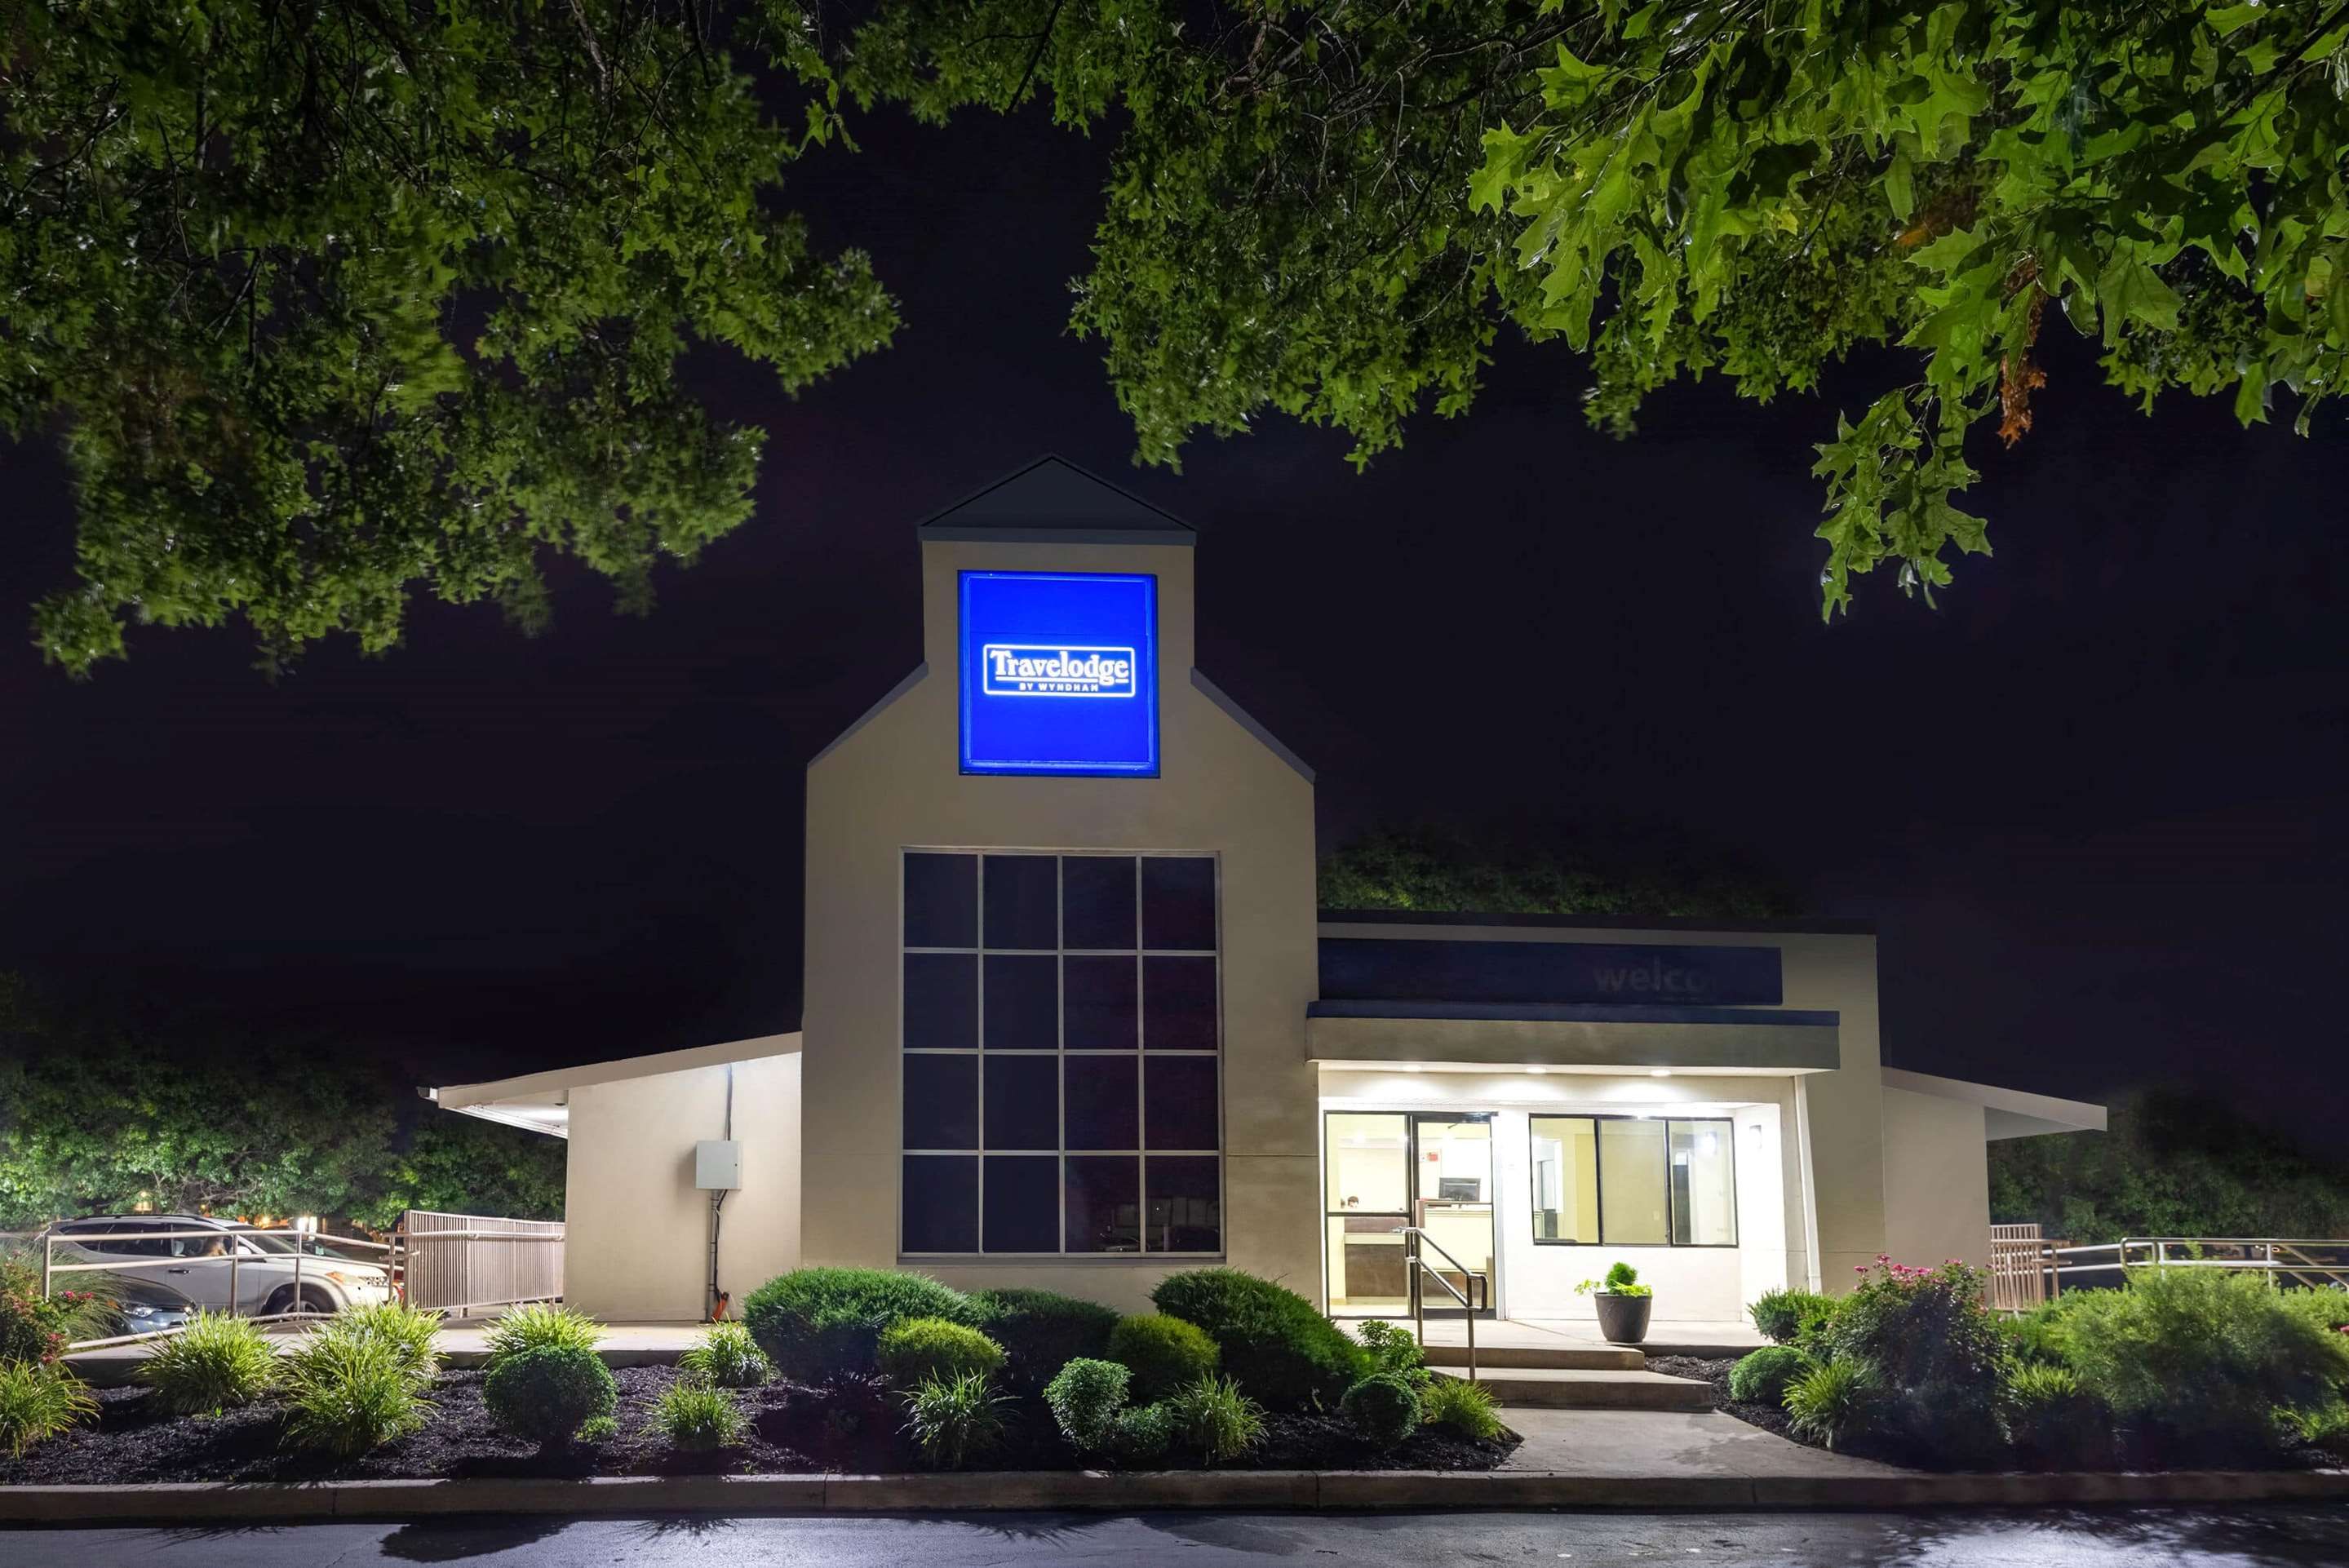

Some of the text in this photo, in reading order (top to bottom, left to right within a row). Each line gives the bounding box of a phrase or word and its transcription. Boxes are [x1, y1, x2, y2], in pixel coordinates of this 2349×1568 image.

[990, 650, 1128, 685] Travelodge
[1019, 682, 1099, 692] BY WYNDHAM
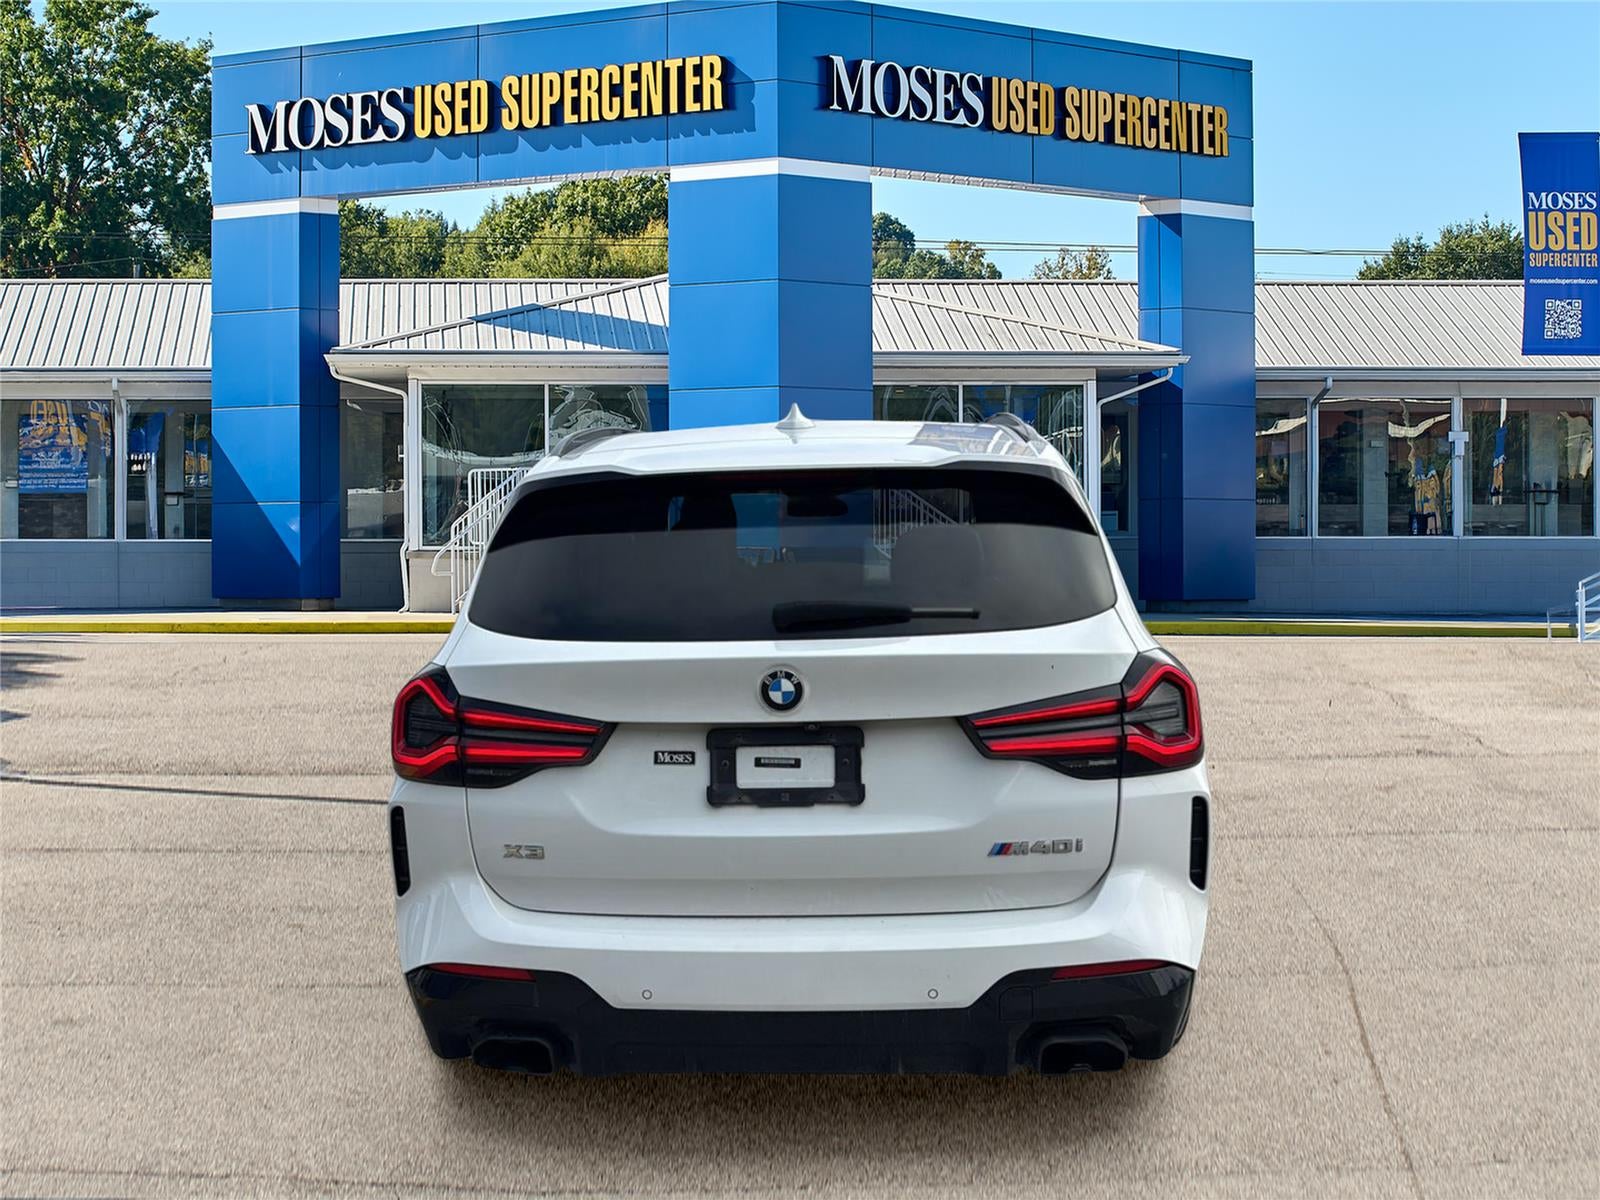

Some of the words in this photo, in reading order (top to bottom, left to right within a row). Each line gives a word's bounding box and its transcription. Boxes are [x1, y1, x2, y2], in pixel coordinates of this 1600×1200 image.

[244, 88, 407, 154] MOSES
[413, 80, 488, 138] USED
[501, 54, 723, 130] SUPERCENTER
[828, 55, 984, 128] MOSES
[991, 77, 1055, 136] USED
[1064, 86, 1229, 156] SUPERCENTER
[1527, 191, 1597, 210] MOSES
[1528, 211, 1598, 251] USED
[1529, 252, 1598, 267] SUPERCENTER
[764, 670, 800, 685] BMW
[657, 752, 692, 763] MOSES
[503, 844, 545, 860] X3

_Exercise instructions_
For this exercise, write out the listing verbatim and leave every image out.

_Answer area_
Some of the text in this photo, in reading order (top to bottom, left to right within a row). Each line gives the bounding box of a phrase or word and its transcription. Boxes are [x1, y1, x2, y2], in pixel coordinates of this 2349×1568 image.

[990, 650, 1128, 685] Travelodge
[1019, 682, 1099, 692] BY WYNDHAM

Some of the words in this photo, in reading order (top to bottom, left to right within a row). Each line gives a word's bounding box and its transcription. Boxes are [x1, y1, x2, y2], in pixel coordinates of this 1600×1200 image.

[244, 88, 407, 154] MOSES
[413, 80, 488, 138] USED
[501, 54, 723, 130] SUPERCENTER
[828, 55, 984, 128] MOSES
[991, 77, 1055, 136] USED
[1064, 86, 1229, 156] SUPERCENTER
[1527, 191, 1597, 210] MOSES
[1528, 211, 1598, 251] USED
[1529, 252, 1598, 267] SUPERCENTER
[764, 670, 800, 685] BMW
[657, 752, 692, 763] MOSES
[503, 844, 545, 860] X3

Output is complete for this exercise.